Extracted records Block Start

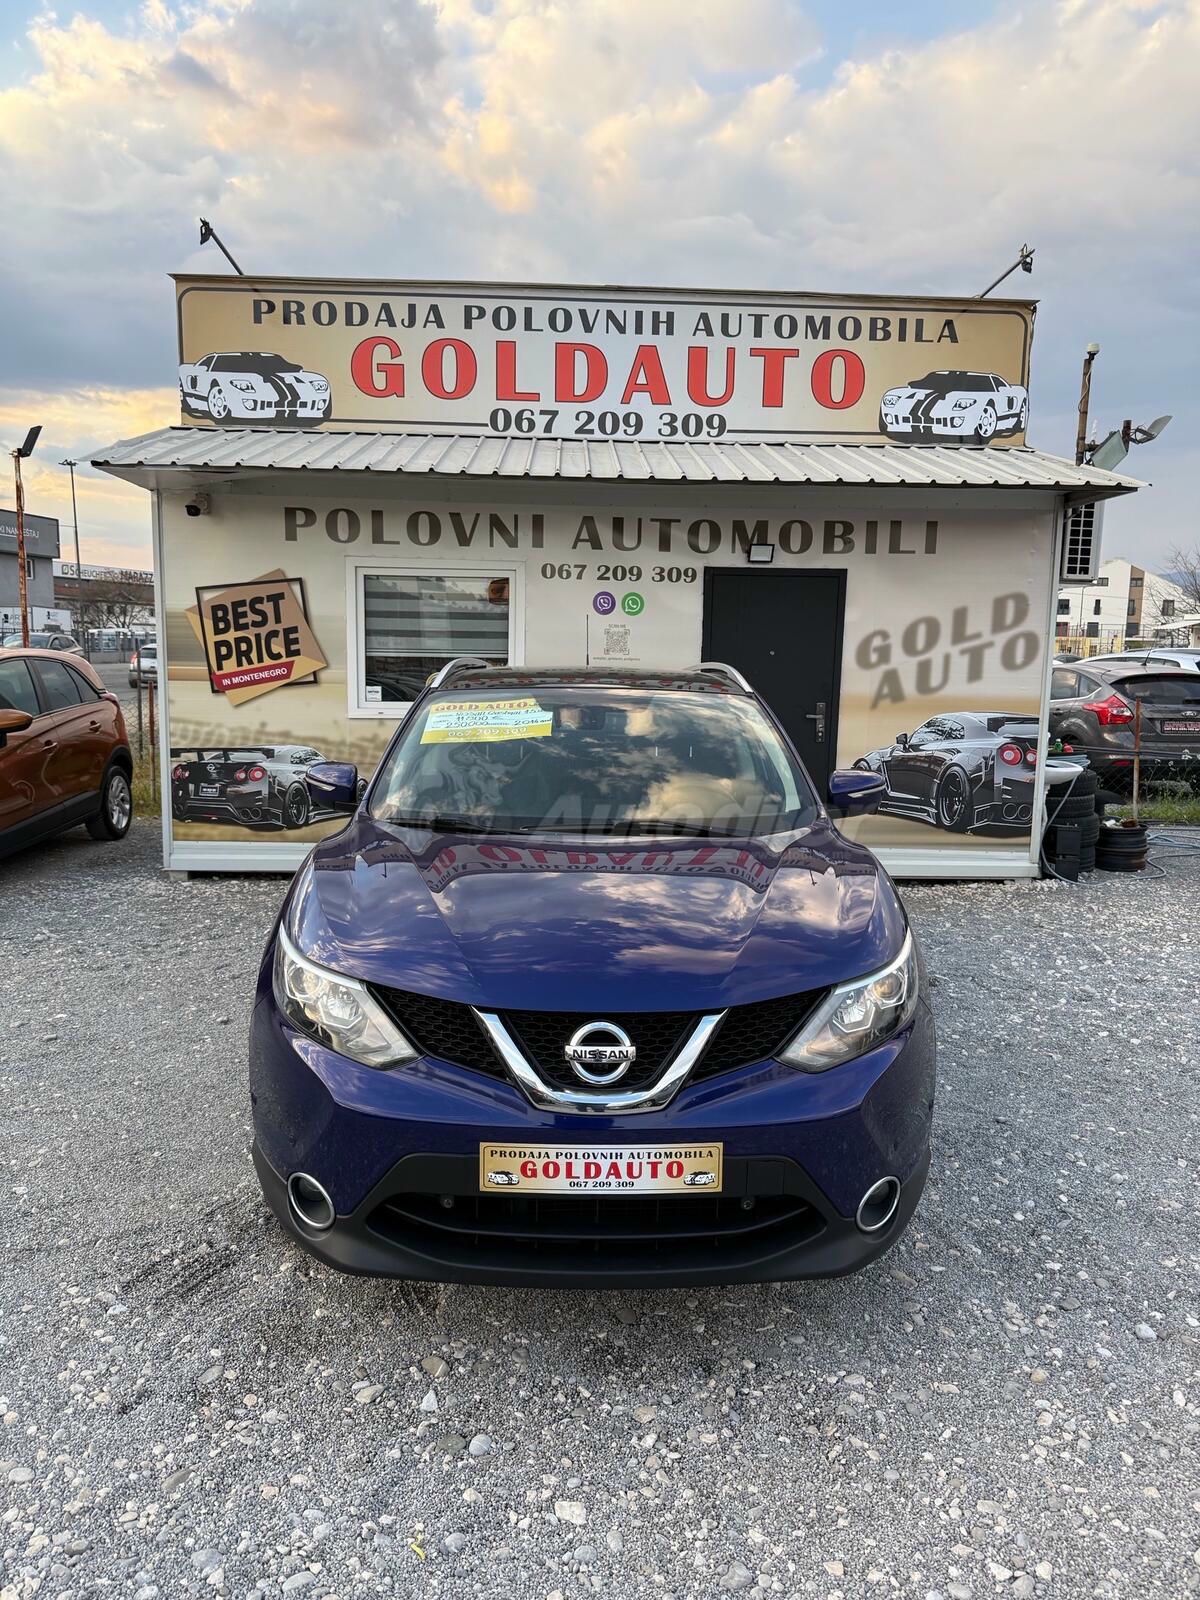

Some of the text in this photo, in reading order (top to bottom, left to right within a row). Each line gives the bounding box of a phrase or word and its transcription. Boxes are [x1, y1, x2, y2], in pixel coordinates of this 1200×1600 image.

[252, 299, 959, 344] PRODAJA POLOVNIH AUTOMOBILA
[350, 335, 866, 410] GOLDAUTO
[489, 408, 727, 438] 067 209 309
[284, 506, 938, 555] POLOVNI AUTOMOBILI
[541, 563, 698, 584] 067 209 309
[210, 592, 285, 636] BEST
[855, 591, 1030, 671] GOLD
[213, 626, 302, 672] PRICE
[232, 667, 288, 684] MONTENEGRO
[869, 630, 1041, 710] AUTO
[435, 701, 529, 712] GOLD AUTO
[572, 1049, 629, 1060] NISSAN
[490, 1150, 714, 1161] PRODAJA POLOVNIH AUTOMOBILA
[520, 1160, 685, 1180] GOLDAUTO
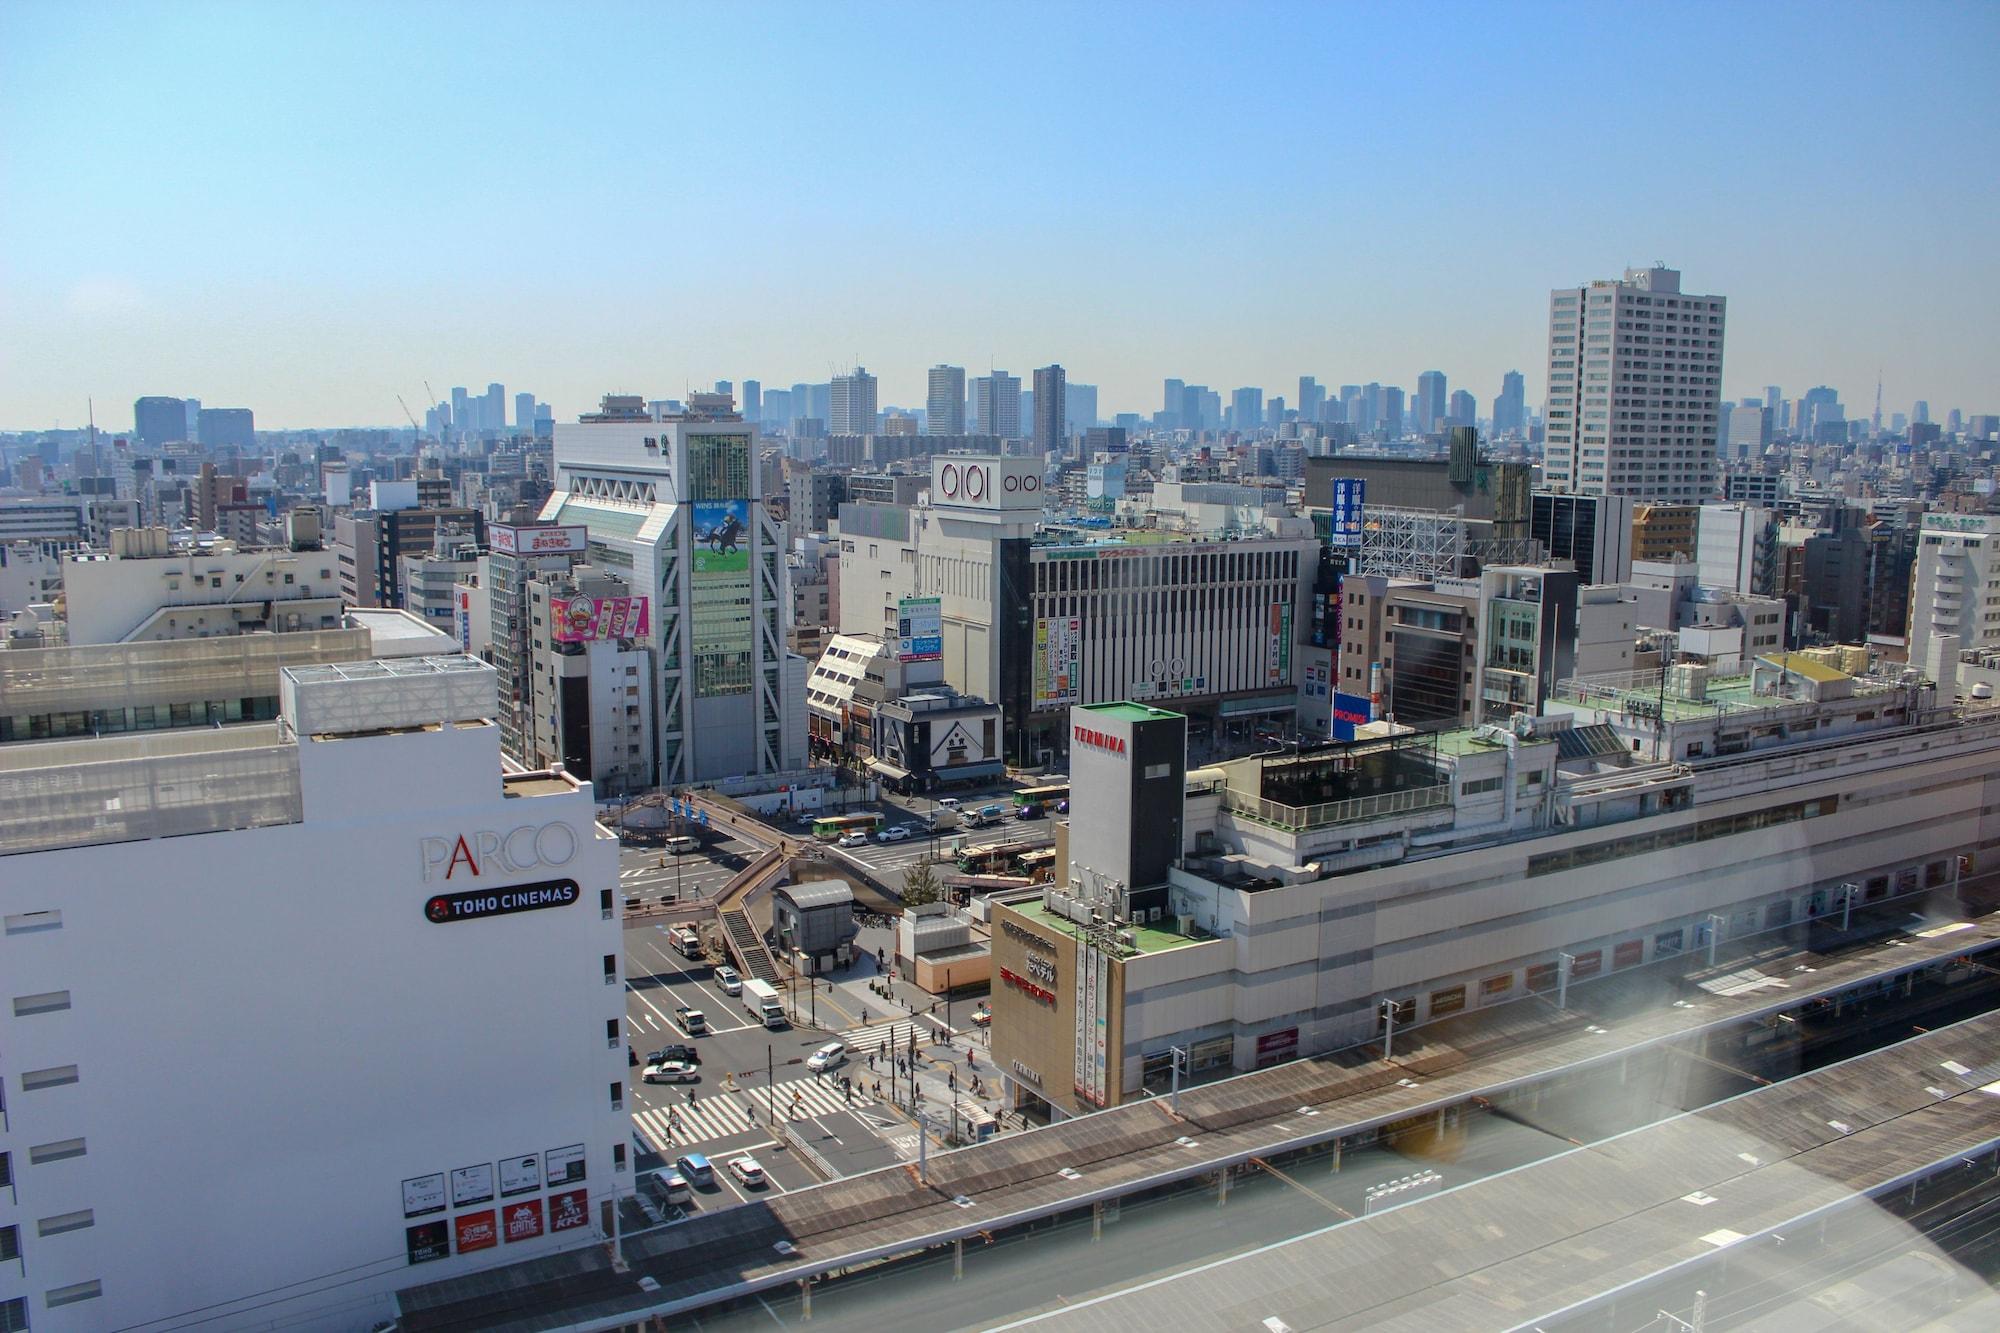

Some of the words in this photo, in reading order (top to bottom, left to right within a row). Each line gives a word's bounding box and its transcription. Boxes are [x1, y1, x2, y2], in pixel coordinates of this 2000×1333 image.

[1334, 708, 1367, 725] PROMISE
[1074, 725, 1125, 753] TERMINA
[420, 821, 580, 883] PARCO
[452, 897, 497, 915] TOHO
[501, 886, 573, 909] CINEMAS
[510, 1217, 537, 1234] GAME
[556, 1215, 583, 1229] KFC

Extracted records Block End

### Task item
Here the records must be restated exactly, minus any images.

### Solution below
Some of the text in this photo, in reading order (top to bottom, left to right within a row). Each line gives the bounding box of a phrase or word and its transcription. Boxes are [x1, y1, x2, y2], in pixel coordinates of this 1200×1600 image.

[252, 299, 959, 344] PRODAJA POLOVNIH AUTOMOBILA
[350, 335, 866, 410] GOLDAUTO
[489, 408, 727, 438] 067 209 309
[284, 506, 938, 555] POLOVNI AUTOMOBILI
[541, 563, 698, 584] 067 209 309
[210, 592, 285, 636] BEST
[855, 591, 1030, 671] GOLD
[213, 626, 302, 672] PRICE
[232, 667, 288, 684] MONTENEGRO
[869, 630, 1041, 710] AUTO
[435, 701, 529, 712] GOLD AUTO
[572, 1049, 629, 1060] NISSAN
[490, 1150, 714, 1161] PRODAJA POLOVNIH AUTOMOBILA
[520, 1160, 685, 1180] GOLDAUTO

Some of the words in this photo, in reading order (top to bottom, left to right within a row). Each line gives a word's bounding box and its transcription. Boxes are [x1, y1, x2, y2], in pixel coordinates of this 2000×1333 image.

[1334, 708, 1367, 725] PROMISE
[1074, 725, 1125, 753] TERMINA
[420, 821, 580, 883] PARCO
[452, 897, 497, 915] TOHO
[501, 886, 573, 909] CINEMAS
[510, 1217, 537, 1234] GAME
[556, 1215, 583, 1229] KFC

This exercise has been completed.